►

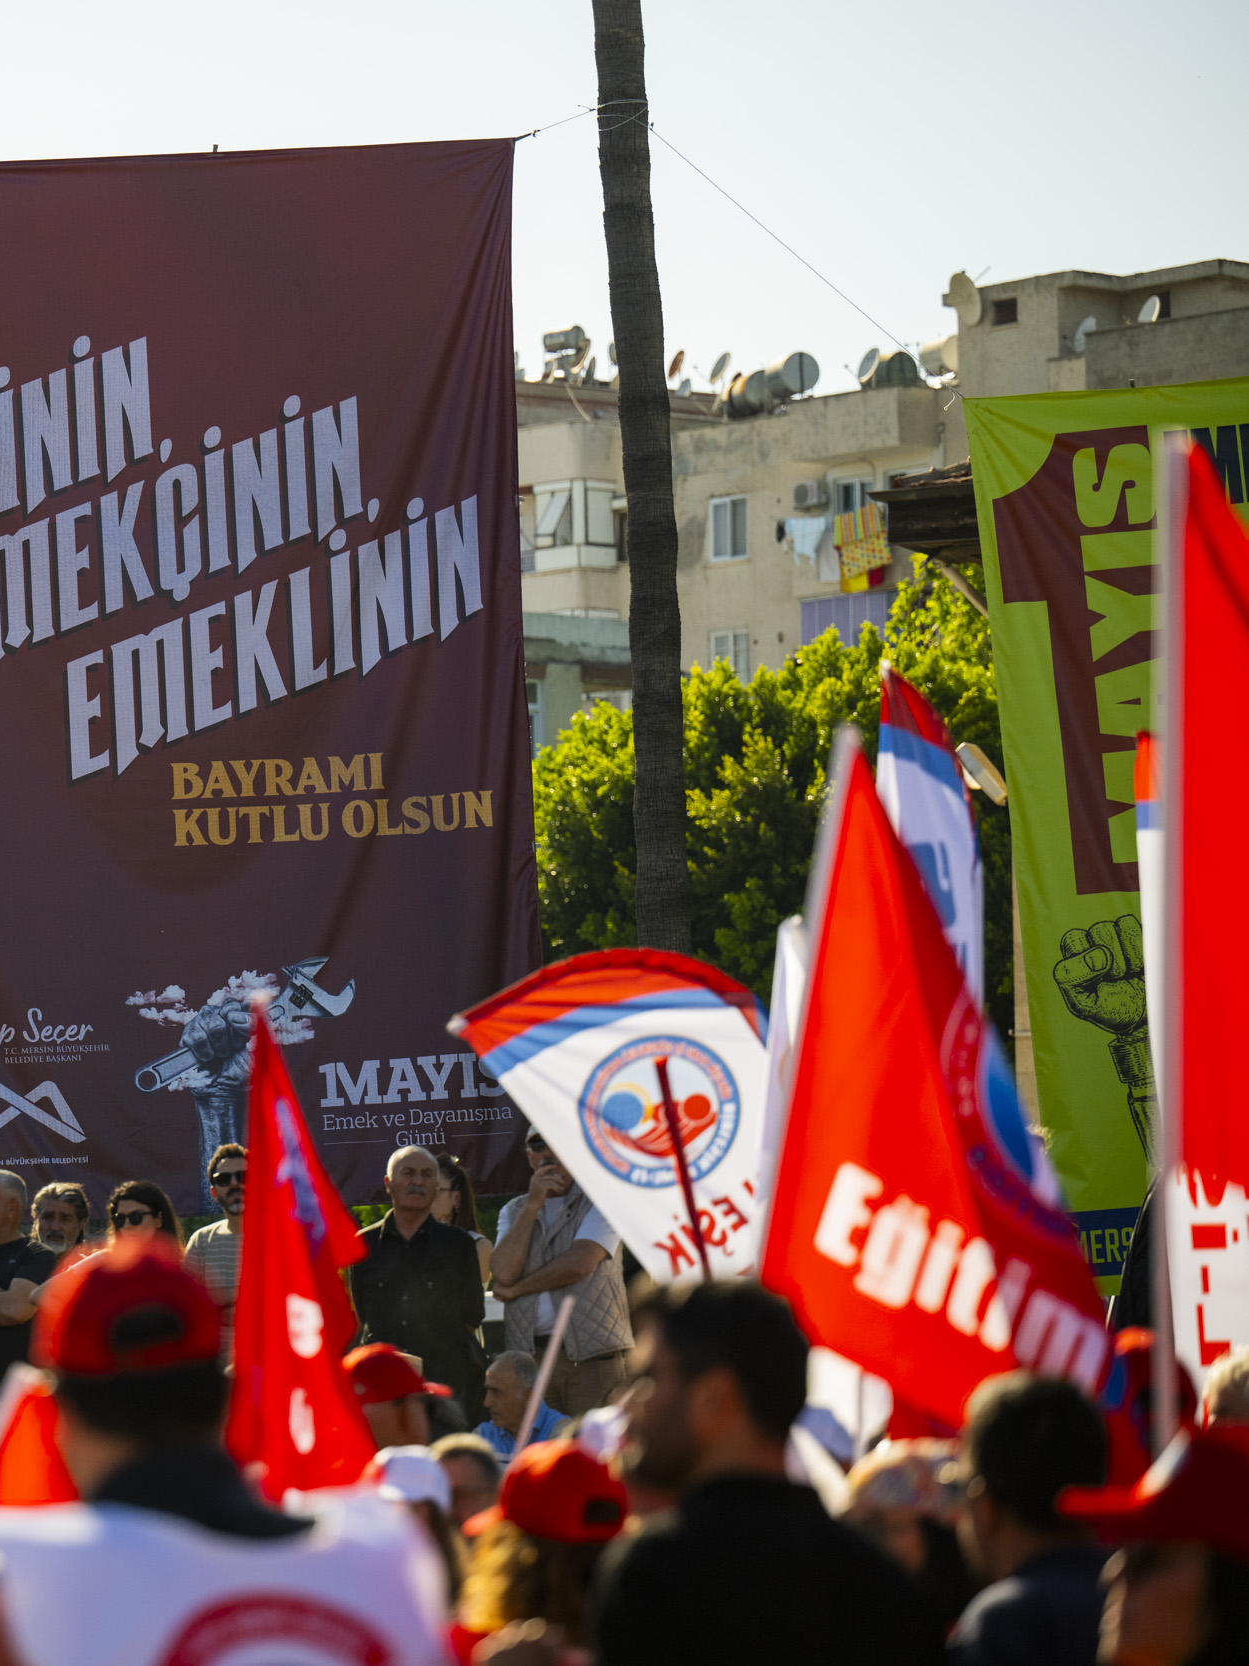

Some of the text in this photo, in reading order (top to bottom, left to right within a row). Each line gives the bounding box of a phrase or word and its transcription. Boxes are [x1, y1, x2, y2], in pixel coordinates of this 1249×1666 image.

[66, 494, 484, 781] EMEKLİNİN
[170, 752, 385, 800] BAYRAMI
[172, 790, 494, 847] KUTLU OLSUN
[22, 1007, 94, 1044] Seçer
[4, 1054, 82, 1064] BELEDİYE BAŞKANI
[21, 1045, 54, 1055] MERSİN
[56, 1043, 111, 1054] BÜYÜKŞEHİR
[323, 1106, 513, 1131] Emek ve Dayanışma
[395, 1128, 447, 1147] Günü
[5, 1156, 50, 1166] BÜYÜKŞEHİR
[51, 1155, 89, 1164] BELEDİYESİ
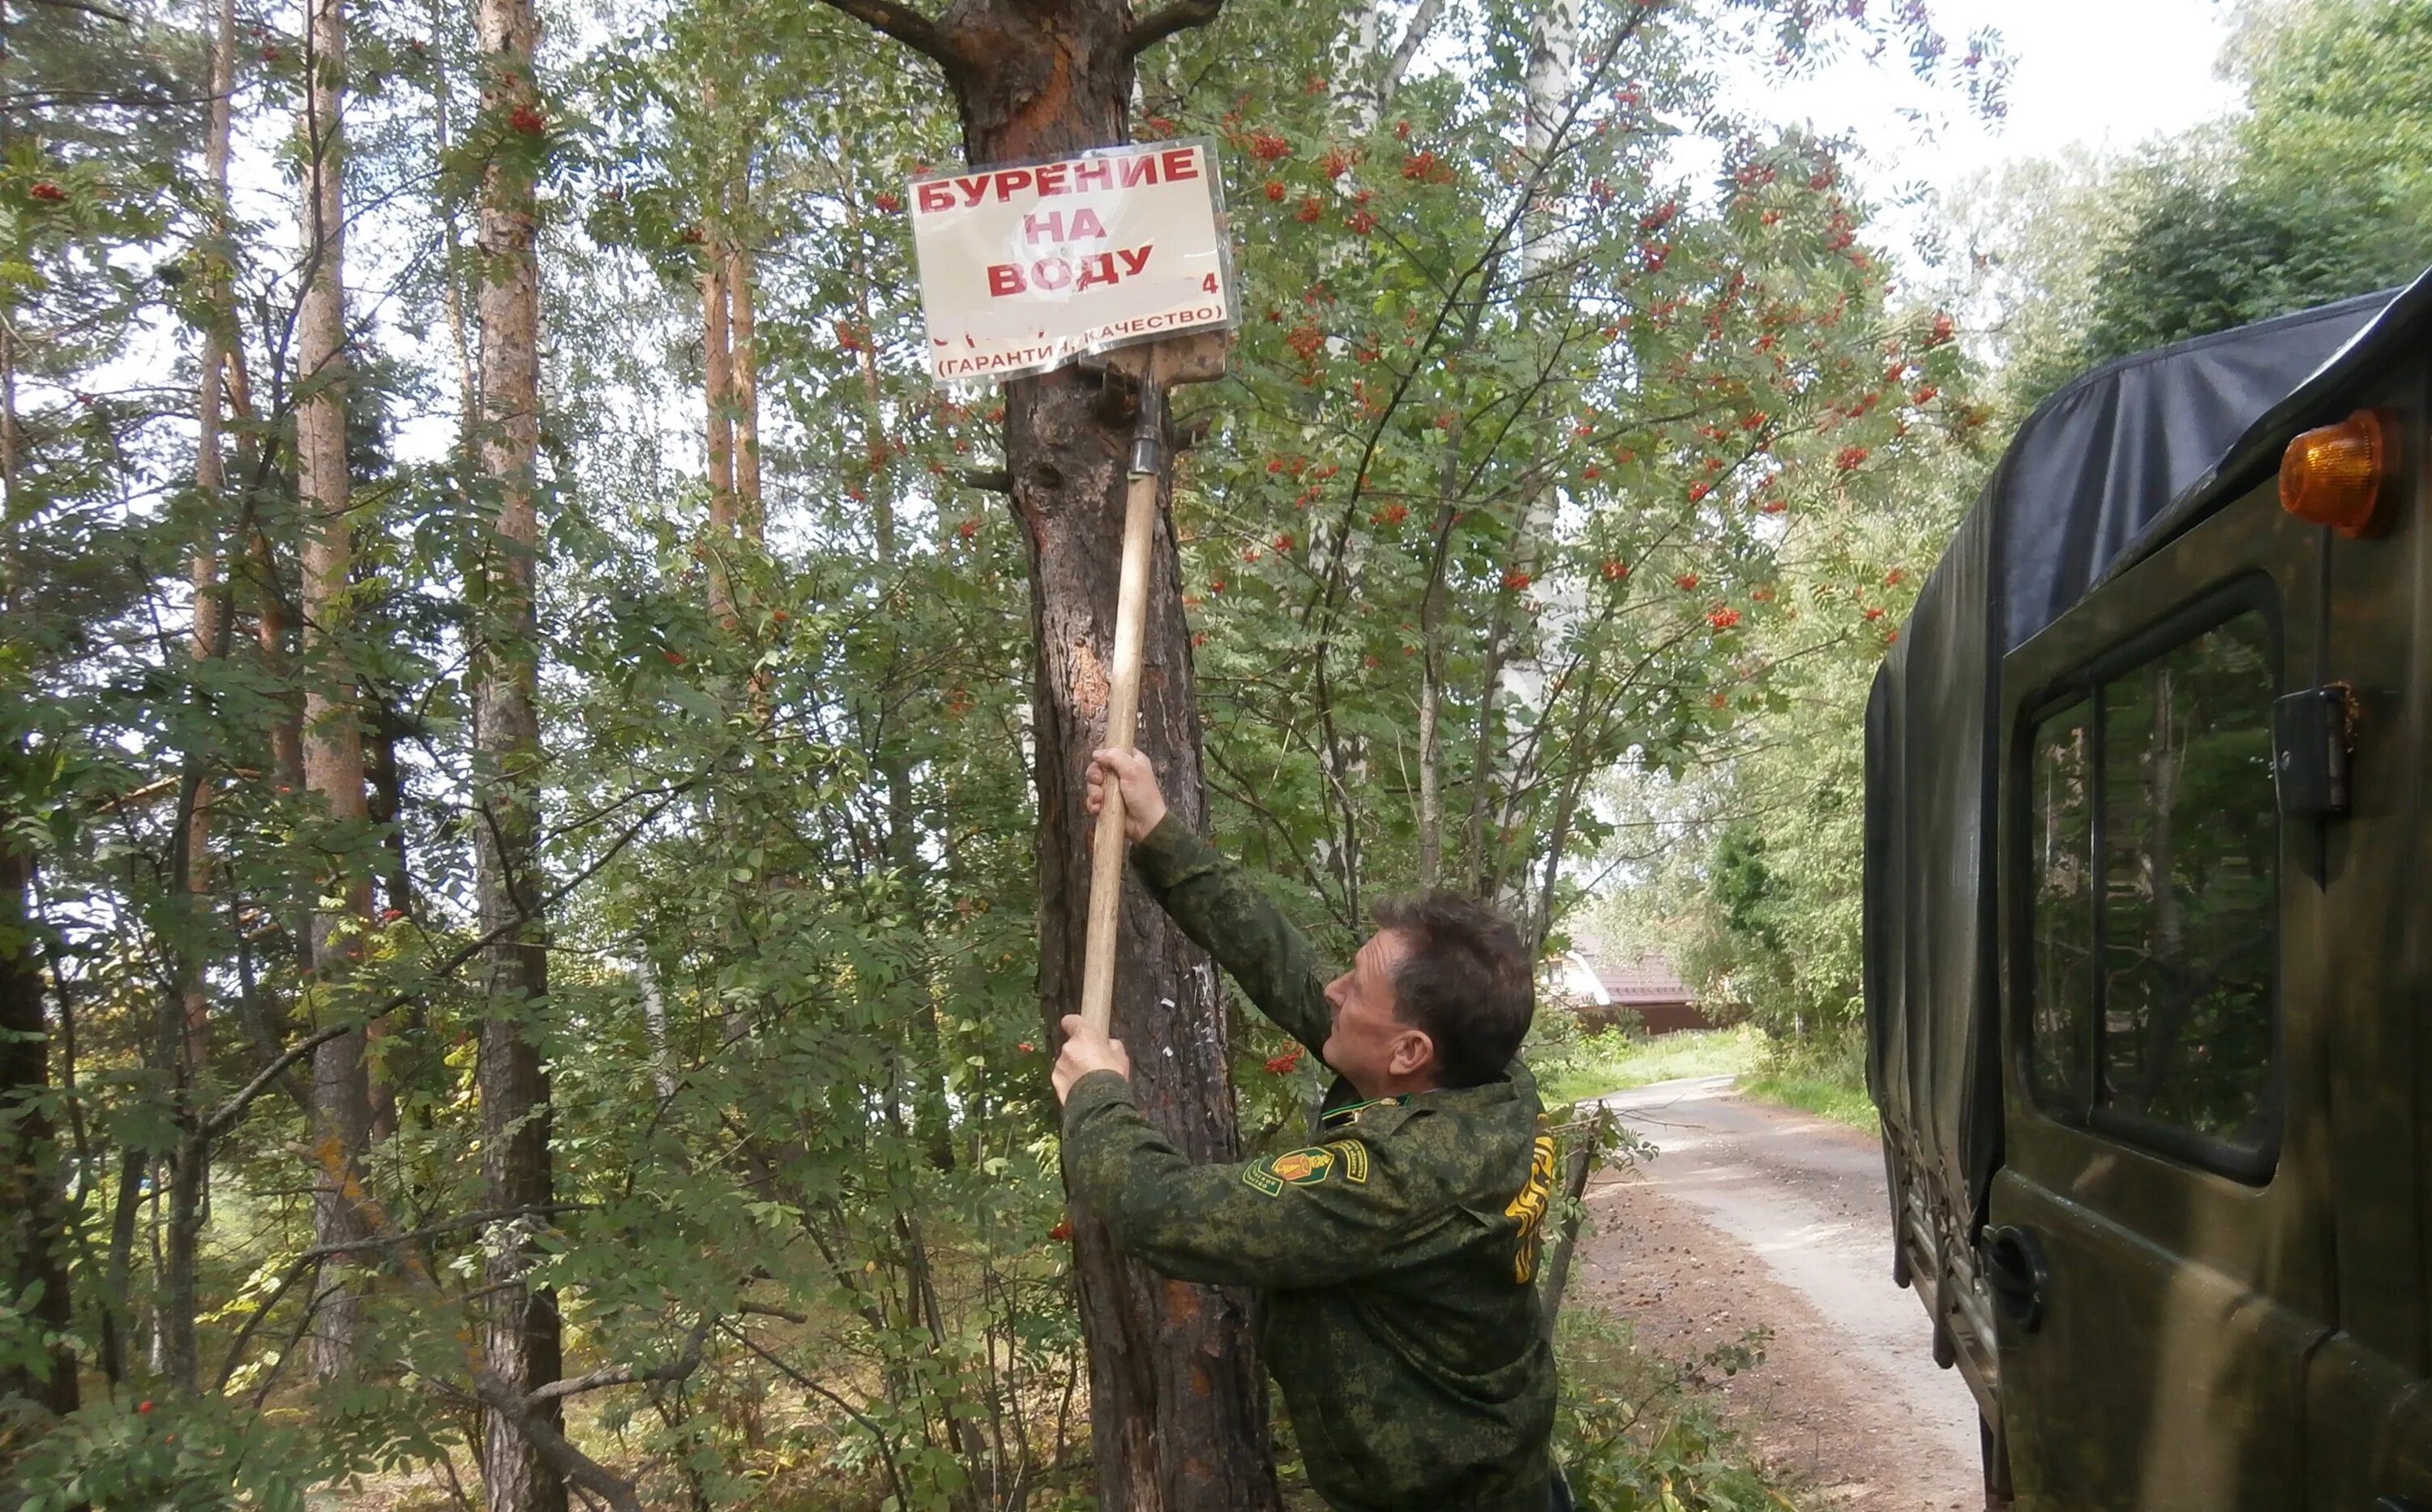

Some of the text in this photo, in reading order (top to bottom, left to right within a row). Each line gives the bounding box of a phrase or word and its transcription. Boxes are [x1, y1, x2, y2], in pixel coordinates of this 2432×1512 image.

[918, 148, 1199, 214] БУРЕНИЕ
[1024, 208, 1107, 245] НА
[987, 245, 1154, 298] ВОДУ

◄

* **Exercise**
Output the data above verbatim, pictures excluded.

* **Result of the exercise**
Some of the text in this photo, in reading order (top to bottom, left to right within a row). Each line gives the bounding box of a phrase or word and its transcription. Boxes are [x1, y1, x2, y2], in pixel coordinates of this 1249×1666 image.

[66, 494, 484, 781] EMEKLİNİN
[170, 752, 385, 800] BAYRAMI
[172, 790, 494, 847] KUTLU OLSUN
[22, 1007, 94, 1044] Seçer
[4, 1054, 82, 1064] BELEDİYE BAŞKANI
[21, 1045, 54, 1055] MERSİN
[56, 1043, 111, 1054] BÜYÜKŞEHİR
[323, 1106, 513, 1131] Emek ve Dayanışma
[395, 1128, 447, 1147] Günü
[5, 1156, 50, 1166] BÜYÜKŞEHİR
[51, 1155, 89, 1164] BELEDİYESİ

Some of the text in this photo, in reading order (top to bottom, left to right within a row). Each line gives the bounding box of a phrase or word and its transcription. Boxes are [x1, y1, x2, y2], in pixel coordinates of this 2432×1512 image.

[918, 148, 1199, 214] БУРЕНИЕ
[1024, 208, 1107, 245] НА
[987, 245, 1154, 298] ВОДУ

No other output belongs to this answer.